Lo miré sin decir nada, tenía que llevar la situación con sumo cuidado. Esa insistencia en la omisión de su responsabilidad no solo no cuadraba con mi paciencia, sino que muy probablemente significaba otra cosa. 

— ¿La tomás o no? ¿tan difícil es? —se mostró irritado. 
— Difícil, sí —le respondí, y miré a otro lado, esperando a que pusiera la taza en la mesa. 
— ¿No la tomás? ¡Ah bueno! —dio un paso atrás y buscó la mesa del bar— Entonces la dejo aquí para que la tomés vos mismo. 
— Mirá pibe —le dije con hastío—, esto es un café y yo te pedí uno. No dármelo es como si un médico le negara la atención a alguien que padece una enfermedad. Y ojo, que los representantes de la ley también podemos comportarnos como unos malditos enfermos. ¿No te movés? Quizá lo hagás si agrego algo de plomo en tu dieta. La cosa es así: yo te digo rana y vos saltás, ¿entendés? Y si te pido un café, vos me lo servís y me preguntás amablemente ¿con agua o con soda señor?, ¿o lo prefiere con leche?, ¿con cuantas de azúcar? ¿Estamos? Entonces vas por ese puto café y lo ponés justo aquí, en la mesa, ¡ahora mismo, la concha de su madre! 

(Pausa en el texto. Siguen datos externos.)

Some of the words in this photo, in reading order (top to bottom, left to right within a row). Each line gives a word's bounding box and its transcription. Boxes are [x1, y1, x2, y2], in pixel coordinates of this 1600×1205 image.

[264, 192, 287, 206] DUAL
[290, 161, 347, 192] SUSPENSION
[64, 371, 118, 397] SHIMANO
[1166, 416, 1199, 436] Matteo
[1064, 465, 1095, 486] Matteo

El color abandonó el rostro del sorete, que con temblores y sin soltar la mirada del cañón que tenía apuntándole, me sirvió el café en la mesa. Cuando la pulcra porcelana hizo sus ruidos característicos al contacto con la superficie, algo me golpeó la pierna. Creí que la mesa se había quebrado. Metí las manos y me encontré con un compartimiento abierto que había hecho caer al suelo muchas cartas, decenas de cartas, unas firmadas por Chiclana, de nombre Jacinto y otras tantas con la rúbrica de un tal Ñato Iberra. 

Al salir del café con todos los sobres, todavía debí bancarme un duelo desigual e injusto de miradas: todos los empleados me veían inmóviles mientras yo intentaba recordar cada uno de sus rostros. Afuera ya habían comenzado a limpiar, a lo mejor el forense ya había llegado y la escena se había recolectado y fijado. Entonces un patrullero se acercó para confirmarme lo que ya sabía, pero me dijo algo que definitivamente no me esperaba. 

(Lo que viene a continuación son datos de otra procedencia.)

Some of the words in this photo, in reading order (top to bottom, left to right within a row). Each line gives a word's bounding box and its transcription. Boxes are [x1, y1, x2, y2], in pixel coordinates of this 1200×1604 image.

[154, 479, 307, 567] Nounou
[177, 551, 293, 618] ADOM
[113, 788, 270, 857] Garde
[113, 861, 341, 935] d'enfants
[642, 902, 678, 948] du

— No hemos encontrado el tercer cuerpo, señor. Hemos revisado más de quince cuadras y no hay nada.
— ¿Qué me querés decir? — le dije confundido — ¿que una veintena de hombres no ha sido capaz de encontrar señales de sangre por ninguna parte? 
— La única sangre que hay es esta, la que ha quedado aquí donde estaban los muertos… es como si hubieran peleado apenas en este trocito de espacio... y yo sé que eso es imposible, señor — dijo leyendo mi expresión incrédula — ¡ni siquiera las hormigas pelean en espacios tan reducidos!

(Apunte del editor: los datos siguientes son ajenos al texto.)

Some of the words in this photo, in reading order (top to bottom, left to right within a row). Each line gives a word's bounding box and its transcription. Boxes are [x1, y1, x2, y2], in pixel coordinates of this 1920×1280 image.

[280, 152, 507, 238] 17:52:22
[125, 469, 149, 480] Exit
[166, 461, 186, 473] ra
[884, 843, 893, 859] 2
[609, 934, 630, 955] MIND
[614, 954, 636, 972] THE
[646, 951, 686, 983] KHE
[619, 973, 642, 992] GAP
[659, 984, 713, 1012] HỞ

Le dije que se dejaran de joder y mejor hicieran bien su trabajo, que siguieran buscando hasta encontrar algo nuevo y solo entonces me llamaran a la comisaría. 

Lo único seguro hasta ese momento es que habían dos muertos y una extremidad superior. Un cuerpo sin brazo quién sabe donde, ningún documento de identidad, un testigo ciego que había aportado dos nombres, un café sospechoso como el orto, muchas cartas y todo Buenos Aires con la noticia en la boca, entre la empanada y el mate, de una horrorosa masacre en la ciudad. Al llegar me esperaba el "bagarto" Feola, la burocracia bruta, el hambre de respuesta de cualquier tipo, la ofensa pasada por la ineficiencia presente y la fecha de caducidad. Decidí guardarme lo de las cartas solo para mí, prefería profundizar más en el asunto hasta entregar algo de utilidad, así que bajé la cabeza y acepté todo con un 'si señor'. Había que dejar las rencillas para otro momento. 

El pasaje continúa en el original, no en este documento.